All that non-violence, and the cops were still sent in to swing their batons.

ADDED in edit: Heh. This post addresses the positions taken by Starhawk and her associates. Starhawk is a widely published spiritualist, somewhat famous also for once being in a relationship with a (now) defrocked Theilhardian Catholic priest. Starhawk is not poor. Starhawk, from what I gather, is actually rather well off. Book sales can do that for a person.

It does not address every single person who thinks "non-violence" has tactical value. It addresses "moral non-violence" and "spiritual non-violence," the sort common to bourgeois property owners who've projected their concerns for the loss of property outward on to other forms of property.


Richard said...

I'm not into spiritual non-violence, either, but the rejection of the Black Bloc and a diversity of tactics is coming from the base and not from people like Starhawk. I'm certain that the people in Occupy Oakland made a conscious decision not to resist this morning, just as the people involved in Occupy Portland did.

I pay more attention to what those involved in the occupations say and do, and very little to those on the outside say, like Starhawk, Michael Moore and others, whether I like them or not.

Pham Binh of NYC told me a few weeks ago that this is a good practice in regard to the occupations, and so far, he's been right.

There are a lot of webpages, livestreams and Twitter feeds connected to the occupations, they provide a lot of insight as to the challenges facing the movement.

Jack Crow said...

Agreed, Richard. These last few posts aren't a recommendation to engage in active revolutionary violence.
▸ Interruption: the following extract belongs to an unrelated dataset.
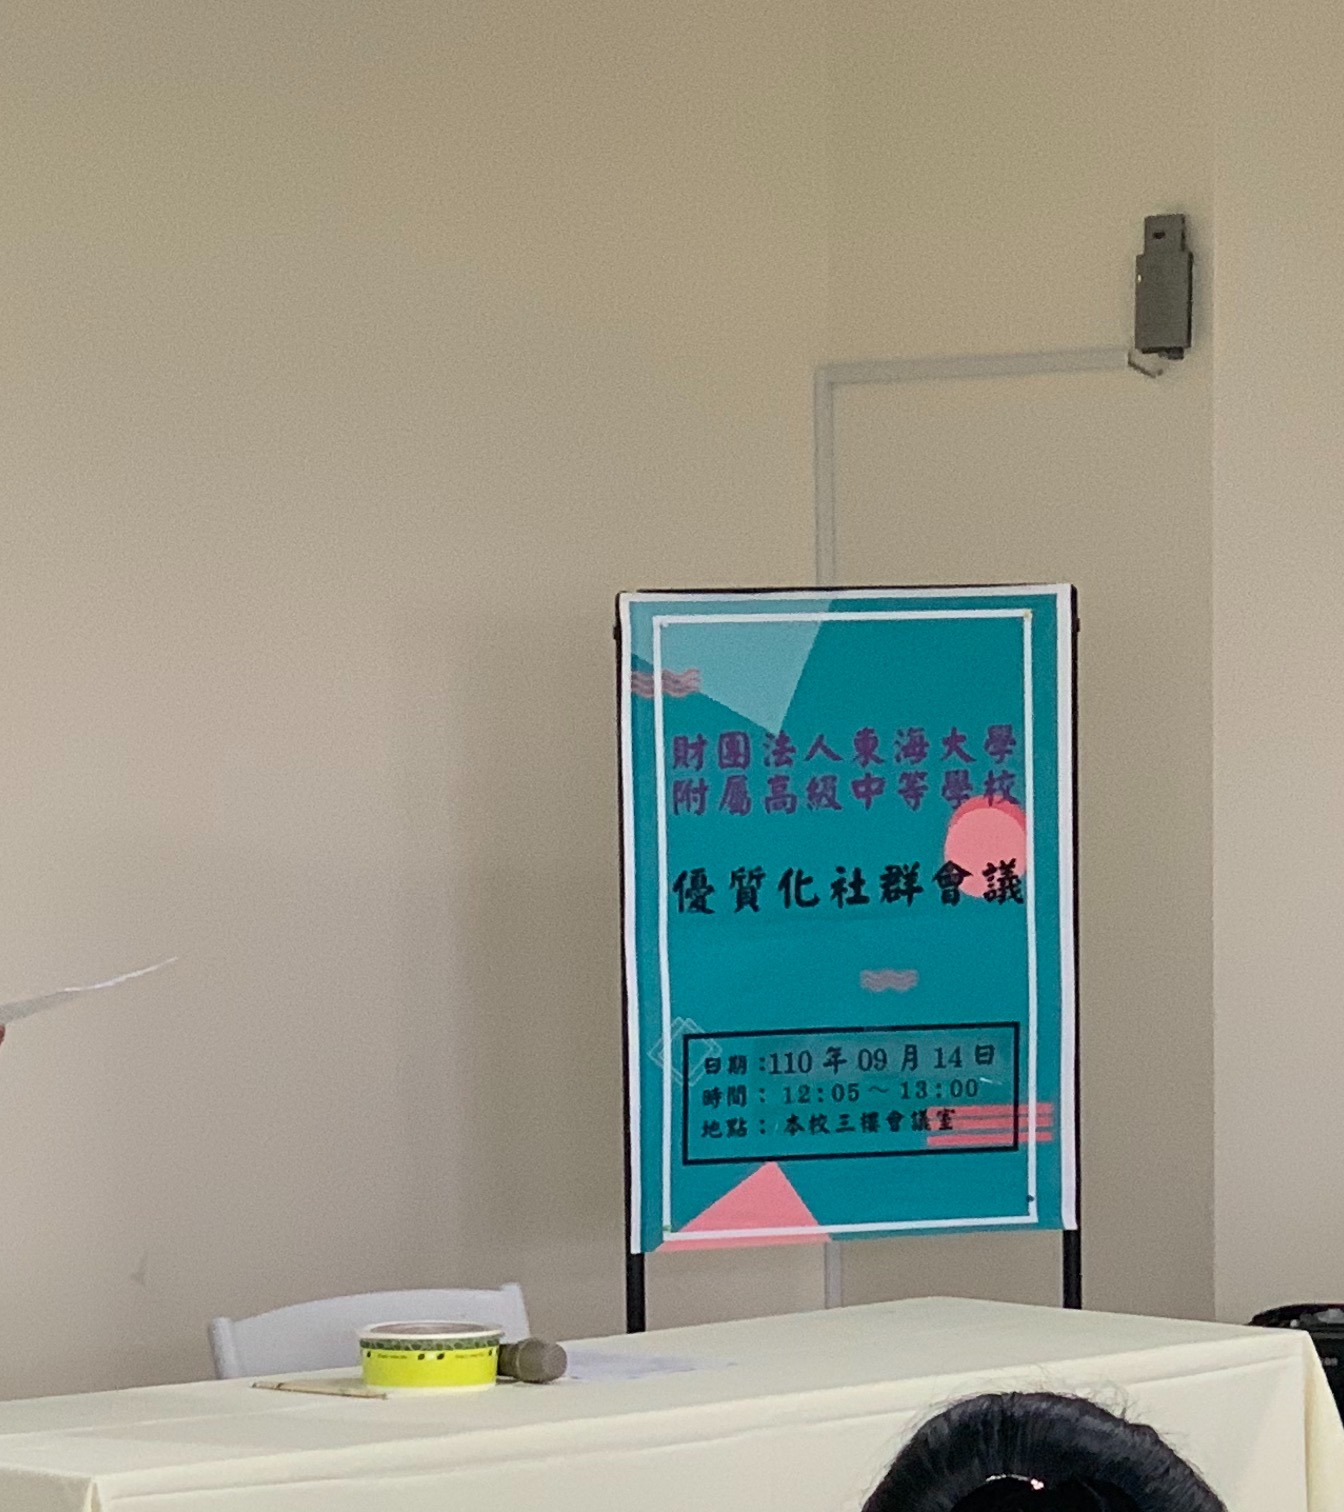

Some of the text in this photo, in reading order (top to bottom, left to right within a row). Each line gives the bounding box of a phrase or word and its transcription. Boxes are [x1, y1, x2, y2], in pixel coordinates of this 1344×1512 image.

[672, 724, 1017, 771] 財團法人東海大學
[672, 768, 1020, 817] 附屬高級中等學校
[672, 857, 1025, 915] 優質化社群會議
But, I keep reading from people who are not engaged in occupations that the only way they can be spiritually sound is if they meet the expectations of spiritualists.

Seamus said...

I understand, I think, your arguments against the dogma non-violence.

But on this very specific point, isn't it fair to say, even in the case of Gandhi and the rest, that the purpose of non-violence is to provoke violence?

That is: the fact that the cops were still sent in "to swing their batons" after "all that non-violence" is the point, isn't it?

The goal of non-violence is to provoke a response, namely violence, in order to delegitmize the people in power.

One and agree or disagree with whether it works, but I'm just saying: that's one of the points of it, right?

Seamus said...

(heh. and sorry for the repetitive nature of the question)

Richard said...

perhaps, tactically, yes, non-violent direct action is understandably designed to expose the violence and corruption of the system

but there is a radical, anti-authoritarian case for it, beyond what Starhawk probably said (I don't have the patience to sift through that sort of thing)

the anti-authoritarian critique of capitalist society is that it concentrates wealth through the perpetuation of violent hierarchies

accordingly, by participating in non-violent, non-hierarchical forms of social organization, one prefigures the alternative

accordingly, if one is not to embrace non-violence in a spiritual, religious fashion, recourse to violence would be limited to situations of self-defense, with the collective approval of the group, where the violence used is proportional to the threat

Rhys Ap Thomas said...

Yeah, all those mother fuckers counseling non-violence? I'd like to have them spend a week with Geronimo around 1895 or so.

Fuck them. They use their fear as an excuse.

They would have counseled the Sioux at the Bighorn to give up to Custer.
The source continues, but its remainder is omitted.